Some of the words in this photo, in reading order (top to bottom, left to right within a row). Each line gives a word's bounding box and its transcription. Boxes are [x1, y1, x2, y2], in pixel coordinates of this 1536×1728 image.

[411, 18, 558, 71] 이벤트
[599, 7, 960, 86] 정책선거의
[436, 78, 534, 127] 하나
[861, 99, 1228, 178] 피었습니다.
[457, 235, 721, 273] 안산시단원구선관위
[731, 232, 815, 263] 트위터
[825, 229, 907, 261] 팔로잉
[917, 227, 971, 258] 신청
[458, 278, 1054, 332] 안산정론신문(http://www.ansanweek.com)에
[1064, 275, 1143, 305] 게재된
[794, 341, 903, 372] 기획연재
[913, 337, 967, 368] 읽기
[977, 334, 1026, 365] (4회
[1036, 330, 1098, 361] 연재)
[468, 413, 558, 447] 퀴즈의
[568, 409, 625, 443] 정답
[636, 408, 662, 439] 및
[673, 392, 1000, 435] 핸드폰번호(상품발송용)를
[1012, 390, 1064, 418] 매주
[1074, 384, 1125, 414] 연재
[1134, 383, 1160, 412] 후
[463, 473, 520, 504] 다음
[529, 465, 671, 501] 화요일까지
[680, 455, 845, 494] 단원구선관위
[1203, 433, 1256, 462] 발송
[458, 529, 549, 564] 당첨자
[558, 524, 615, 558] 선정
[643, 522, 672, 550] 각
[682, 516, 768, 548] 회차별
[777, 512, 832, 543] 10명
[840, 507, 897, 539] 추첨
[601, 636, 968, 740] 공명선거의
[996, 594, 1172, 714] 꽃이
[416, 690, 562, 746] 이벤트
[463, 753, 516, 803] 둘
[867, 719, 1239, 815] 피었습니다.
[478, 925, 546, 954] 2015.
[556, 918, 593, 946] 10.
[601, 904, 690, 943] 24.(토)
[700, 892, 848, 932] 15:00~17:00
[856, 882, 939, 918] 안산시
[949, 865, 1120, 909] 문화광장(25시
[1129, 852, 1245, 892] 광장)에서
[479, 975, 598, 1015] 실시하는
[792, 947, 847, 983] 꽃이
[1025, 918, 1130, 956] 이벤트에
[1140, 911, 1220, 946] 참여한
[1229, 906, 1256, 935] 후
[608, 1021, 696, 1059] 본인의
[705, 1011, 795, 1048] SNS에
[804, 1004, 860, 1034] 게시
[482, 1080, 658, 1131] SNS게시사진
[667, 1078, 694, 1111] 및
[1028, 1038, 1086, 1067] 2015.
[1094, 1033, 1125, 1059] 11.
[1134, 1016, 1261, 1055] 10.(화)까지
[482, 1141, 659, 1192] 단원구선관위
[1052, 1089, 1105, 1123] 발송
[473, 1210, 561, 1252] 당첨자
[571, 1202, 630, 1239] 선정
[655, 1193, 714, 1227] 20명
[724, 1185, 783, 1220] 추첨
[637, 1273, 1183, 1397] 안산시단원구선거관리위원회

-------

**PROMPT**
Each entry above must be printed exactly as written.

**RESULT OF THIS TASK**
Some of the words in this photo, in reading order (top to bottom, left to right within a row). Each line gives a word's bounding box and its transcription. Boxes are [x1, y1, x2, y2], in pixel coordinates of this 1536×1728 image.

[411, 18, 558, 71] 이벤트
[599, 7, 960, 86] 정책선거의
[436, 78, 534, 127] 하나
[861, 99, 1228, 178] 피었습니다.
[457, 235, 721, 273] 안산시단원구선관위
[731, 232, 815, 263] 트위터
[825, 229, 907, 261] 팔로잉
[917, 227, 971, 258] 신청
[458, 278, 1054, 332] 안산정론신문(http://www.ansanweek.com)에
[1064, 275, 1143, 305] 게재된
[794, 341, 903, 372] 기획연재
[913, 337, 967, 368] 읽기
[977, 334, 1026, 365] (4회
[1036, 330, 1098, 361] 연재)
[468, 413, 558, 447] 퀴즈의
[568, 409, 625, 443] 정답
[636, 408, 662, 439] 및
[673, 392, 1000, 435] 핸드폰번호(상품발송용)를
[1012, 390, 1064, 418] 매주
[1074, 384, 1125, 414] 연재
[1134, 383, 1160, 412] 후
[463, 473, 520, 504] 다음
[529, 465, 671, 501] 화요일까지
[680, 455, 845, 494] 단원구선관위
[1203, 433, 1256, 462] 발송
[458, 529, 549, 564] 당첨자
[558, 524, 615, 558] 선정
[643, 522, 672, 550] 각
[682, 516, 768, 548] 회차별
[777, 512, 832, 543] 10명
[840, 507, 897, 539] 추첨
[601, 636, 968, 740] 공명선거의
[996, 594, 1172, 714] 꽃이
[416, 690, 562, 746] 이벤트
[463, 753, 516, 803] 둘
[867, 719, 1239, 815] 피었습니다.
[478, 925, 546, 954] 2015.
[556, 918, 593, 946] 10.
[601, 904, 690, 943] 24.(토)
[700, 892, 848, 932] 15:00~17:00
[856, 882, 939, 918] 안산시
[949, 865, 1120, 909] 문화광장(25시
[1129, 852, 1245, 892] 광장)에서
[479, 975, 598, 1015] 실시하는
[792, 947, 847, 983] 꽃이
[1025, 918, 1130, 956] 이벤트에
[1140, 911, 1220, 946] 참여한
[1229, 906, 1256, 935] 후
[608, 1021, 696, 1059] 본인의
[705, 1011, 795, 1048] SNS에
[804, 1004, 860, 1034] 게시
[482, 1080, 658, 1131] SNS게시사진
[667, 1078, 694, 1111] 및
[1028, 1038, 1086, 1067] 2015.
[1094, 1033, 1125, 1059] 11.
[1134, 1016, 1261, 1055] 10.(화)까지
[482, 1141, 659, 1192] 단원구선관위
[1052, 1089, 1105, 1123] 발송
[473, 1210, 561, 1252] 당첨자
[571, 1202, 630, 1239] 선정
[655, 1193, 714, 1227] 20명
[724, 1185, 783, 1220] 추첨
[637, 1273, 1183, 1397] 안산시단원구선거관리위원회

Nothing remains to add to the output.